De noche, las calles están llenas de neones y todo son luces parpadeantes, vibrantes, de colores vivos. Es como un carnaval pornográfico; sólo falta que instalen una noria en un descampado. Podrían vender algodón dulce con forma de cuerpo desnudo, y los niños se quedarían a jugar mientras papá visitaba las otras atracciones. Mamá no tendría por qué enterarse.

Jean-Claude estaba sentado a mi lado en el coche. Había estado tan callado, todo el camino, que tuve que mirarlo de reojo un par de veces para asegurarme de que seguía allí. La gente hace mido. No me refiero a la conversación, a los eructos ni a nada tan llamativo. Simplemente, las personas no pueden quedarse sentadas en silencio. Se revuelven y la ropa roza el asiento; respiran y se oye como toman aire; se humedecen los labios y emiten un sonido bajo y húmedo pero audible… Jean-Claude no hizo ninguna de esas cosas; ni siquiera sé si llegaría a parpadear. Ah, los muertos vivientes.

Me gusta el silencio tanto como al que más; me lo tomo mejor que la mayoría de las mujeres y que muchos hombres. Pero de repente sentía el impulso de llenarlo, de hablar sólo para oír algo. Era un desperdicio de energía, pero lo necesitaba.

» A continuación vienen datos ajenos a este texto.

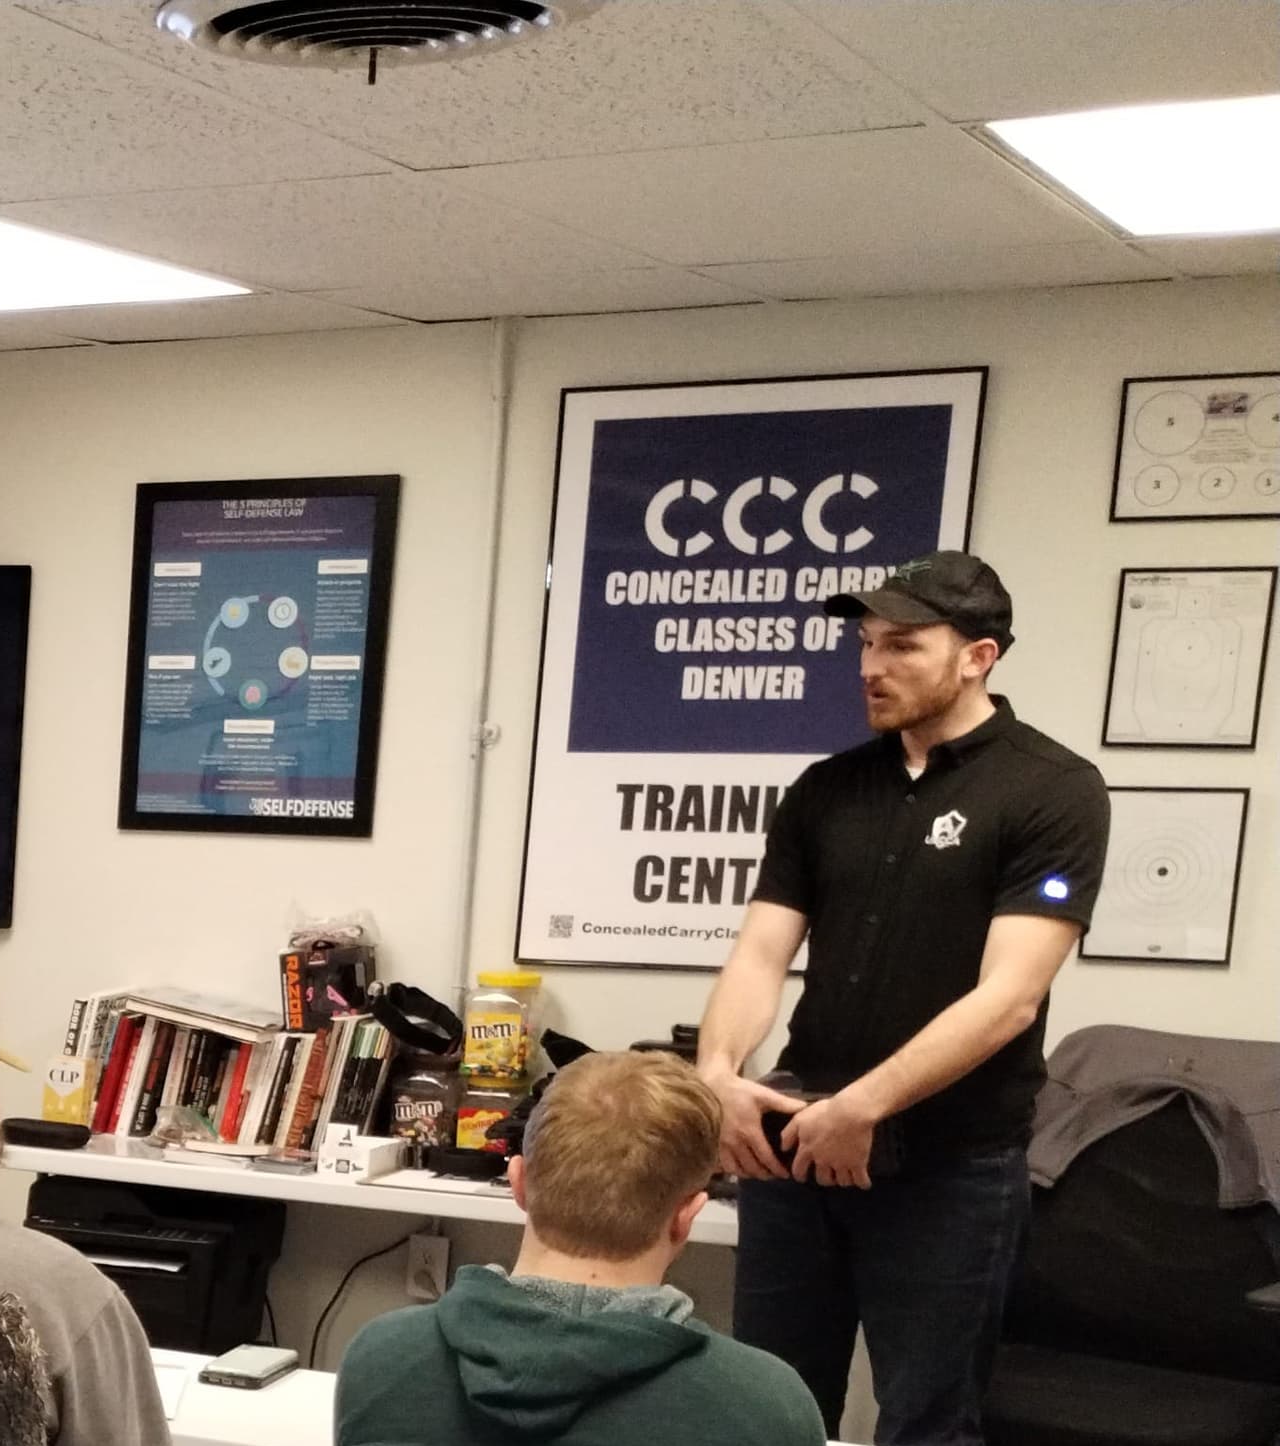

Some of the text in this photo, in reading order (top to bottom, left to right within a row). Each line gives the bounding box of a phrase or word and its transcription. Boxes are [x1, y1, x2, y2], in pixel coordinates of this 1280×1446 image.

[644, 473, 880, 557] CCC
[605, 566, 897, 605] CONCEALED CARR
[655, 617, 845, 653] CLASSES OF
[681, 666, 805, 700] DENVER
[616, 784, 790, 833] TRAINI
[633, 855, 757, 905] CENT
[582, 922, 740, 941] ConcealedCarryCla
[286, 955, 304, 1029] RAZOR
[49, 1069, 80, 1083] CLP

– ¿Estás ahí, Jean-Claude? -Volvió el cuello, con cabeza y todo, y vi los neones reflejados en sus ojos, que parecían espejos oscuros. Mierda-. Sé que sabes hacerte pasar por humano mejor que casi cualquier vampiro, así que ¿a qué viene esta gilipollez sobrenatural?

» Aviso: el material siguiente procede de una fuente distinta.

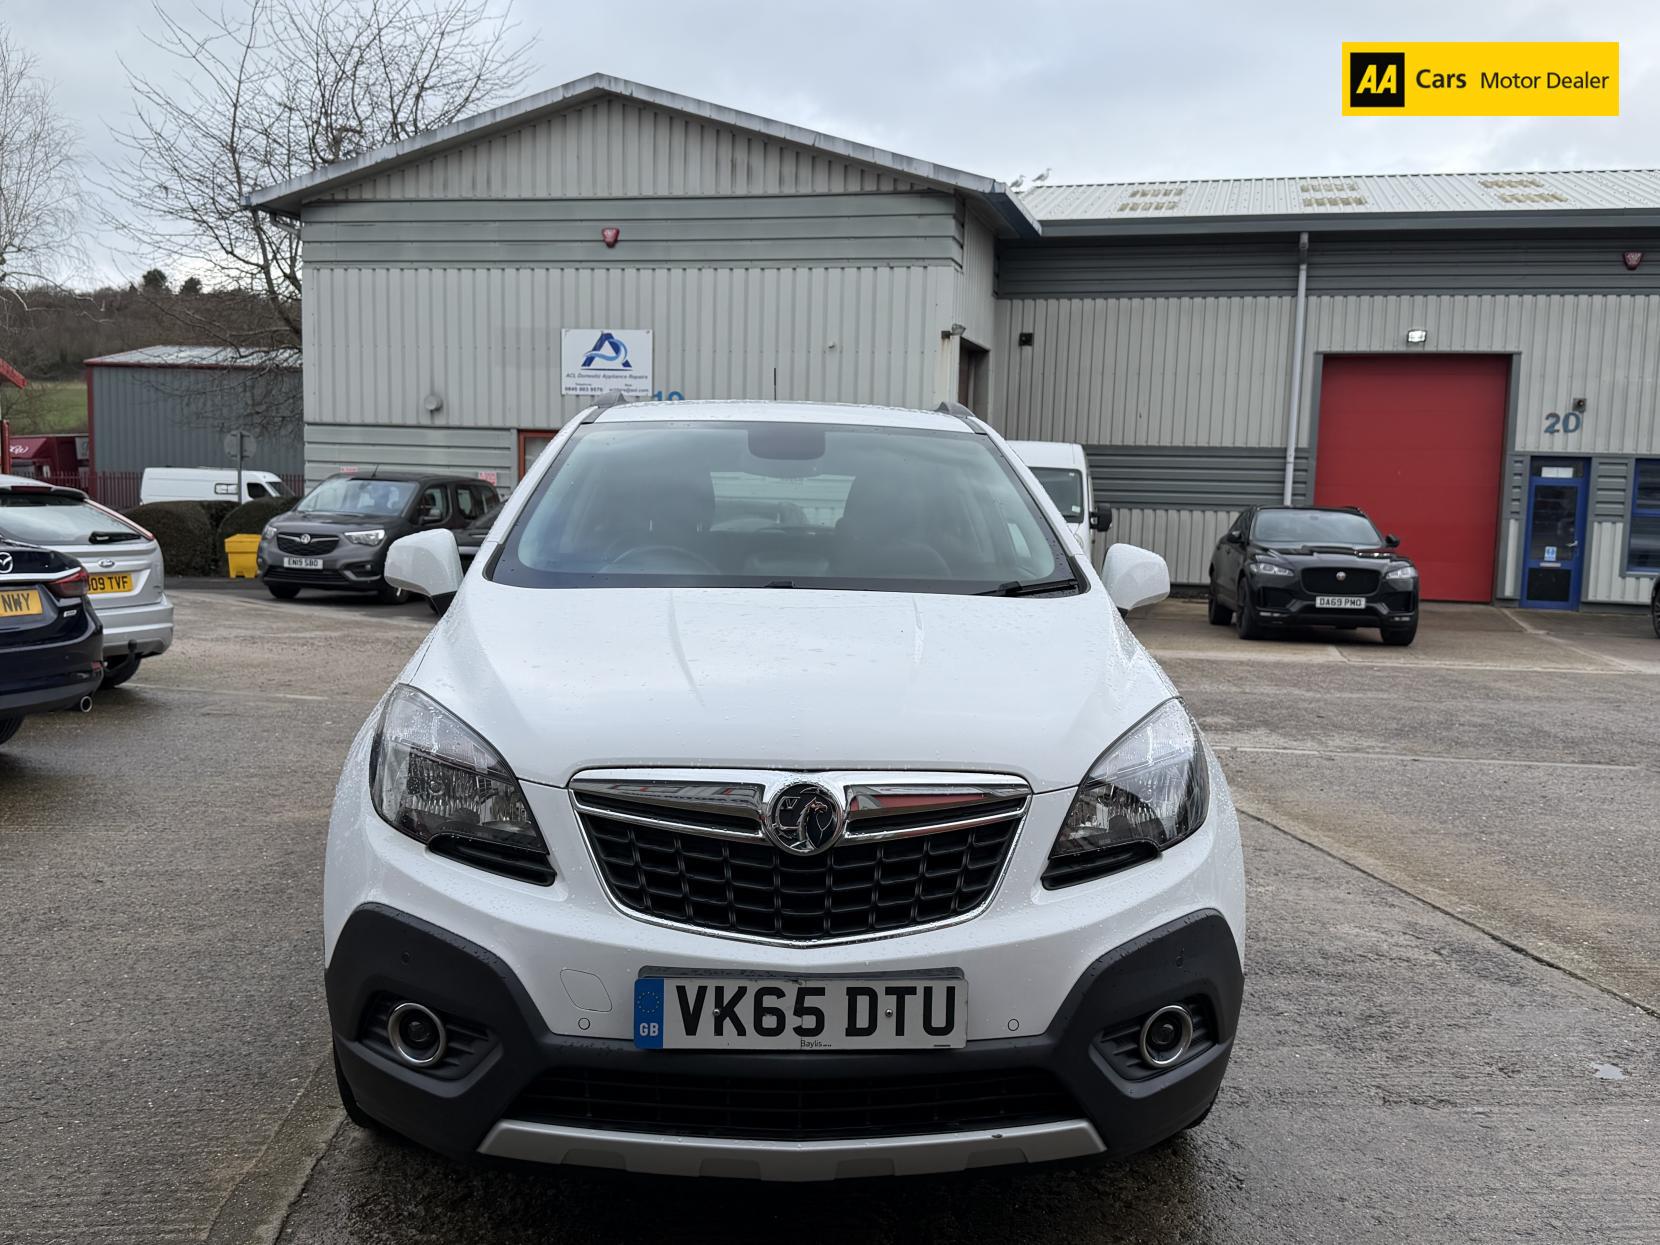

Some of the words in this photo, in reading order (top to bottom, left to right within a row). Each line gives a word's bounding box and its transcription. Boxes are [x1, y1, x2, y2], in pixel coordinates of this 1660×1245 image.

[1544, 412, 1581, 433] 20
[88, 577, 106, 591] 09
[107, 575, 128, 591] TVF
[1, 593, 30, 612] NWY
[1319, 597, 1343, 606] DA69
[676, 985, 826, 1037] VK65
[845, 985, 956, 1037] DTU
[639, 1023, 659, 1037] GB

– ¿Gilipollez? -repitió en voz baja.

– Sí. ¿Por qué te pones tan misterioso?

– ¿Misterioso? -Su voz llenó el coche, como si la palabra tuviera otro significado.

– Ya vale.

– ¿Qué vale?

– Vale de contestarme con preguntas.

– Lo siento, ma petite. -Parpadeó-. Es que siento la calle.

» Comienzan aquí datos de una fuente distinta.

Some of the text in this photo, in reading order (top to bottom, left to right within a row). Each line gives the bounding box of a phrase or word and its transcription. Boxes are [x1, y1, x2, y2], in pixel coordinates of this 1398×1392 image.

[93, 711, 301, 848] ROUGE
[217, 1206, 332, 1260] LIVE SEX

– ¿Cómo que sientes la calle?

Volvió a apoyar la espalda y la cabeza en el asiento, y se llevó una mano al estómago.

– Aquí hay mucha vida.

– ¿Vida? -De pronto era yo la que contestaba con preguntas.

– Sí. Siento a la gente que va de un lado a otro: criaturas que buscan desesperadamente amor, dolor, comprensión, codicia… Hay mucha codicia por aquí, pero sobre todo, amor y dolor.

– La gente no va de putas en busca de amor, sino en busca de sexo.